• [TASK BRIEF]: With no line omitted, restate the records below exactly as they appear.

*** Begin section ***

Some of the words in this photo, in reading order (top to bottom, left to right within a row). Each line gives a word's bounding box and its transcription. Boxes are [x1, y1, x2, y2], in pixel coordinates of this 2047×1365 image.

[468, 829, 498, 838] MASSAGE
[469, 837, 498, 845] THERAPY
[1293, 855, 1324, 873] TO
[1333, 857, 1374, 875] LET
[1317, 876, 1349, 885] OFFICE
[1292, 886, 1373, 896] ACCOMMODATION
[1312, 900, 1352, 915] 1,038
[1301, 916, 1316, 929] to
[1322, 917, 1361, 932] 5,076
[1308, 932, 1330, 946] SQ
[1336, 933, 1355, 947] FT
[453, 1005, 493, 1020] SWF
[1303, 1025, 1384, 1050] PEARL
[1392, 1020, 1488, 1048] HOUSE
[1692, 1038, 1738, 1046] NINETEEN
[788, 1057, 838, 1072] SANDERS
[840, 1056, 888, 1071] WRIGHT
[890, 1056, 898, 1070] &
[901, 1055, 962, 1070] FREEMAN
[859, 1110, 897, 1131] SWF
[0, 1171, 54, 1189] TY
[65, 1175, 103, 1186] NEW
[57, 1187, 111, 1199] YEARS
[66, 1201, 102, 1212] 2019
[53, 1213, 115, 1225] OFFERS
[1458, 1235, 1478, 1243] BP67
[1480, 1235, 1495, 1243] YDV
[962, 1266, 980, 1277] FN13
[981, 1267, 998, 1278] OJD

*** End section ***

• [EXERCISE ANSWER]:
Some of the words in this photo, in reading order (top to bottom, left to right within a row). Each line gives a word's bounding box and its transcription. Boxes are [x1, y1, x2, y2], in pixel coordinates of this 2047×1365 image.

[468, 829, 498, 838] MASSAGE
[469, 837, 498, 845] THERAPY
[1293, 855, 1324, 873] TO
[1333, 857, 1374, 875] LET
[1317, 876, 1349, 885] OFFICE
[1292, 886, 1373, 896] ACCOMMODATION
[1312, 900, 1352, 915] 1,038
[1301, 916, 1316, 929] to
[1322, 917, 1361, 932] 5,076
[1308, 932, 1330, 946] SQ
[1336, 933, 1355, 947] FT
[453, 1005, 493, 1020] SWF
[1303, 1025, 1384, 1050] PEARL
[1392, 1020, 1488, 1048] HOUSE
[1692, 1038, 1738, 1046] NINETEEN
[788, 1057, 838, 1072] SANDERS
[840, 1056, 888, 1071] WRIGHT
[890, 1056, 898, 1070] &
[901, 1055, 962, 1070] FREEMAN
[859, 1110, 897, 1131] SWF
[0, 1171, 54, 1189] TY
[65, 1175, 103, 1186] NEW
[57, 1187, 111, 1199] YEARS
[66, 1201, 102, 1212] 2019
[53, 1213, 115, 1225] OFFERS
[1458, 1235, 1478, 1243] BP67
[1480, 1235, 1495, 1243] YDV
[962, 1266, 980, 1277] FN13
[981, 1267, 998, 1278] OJD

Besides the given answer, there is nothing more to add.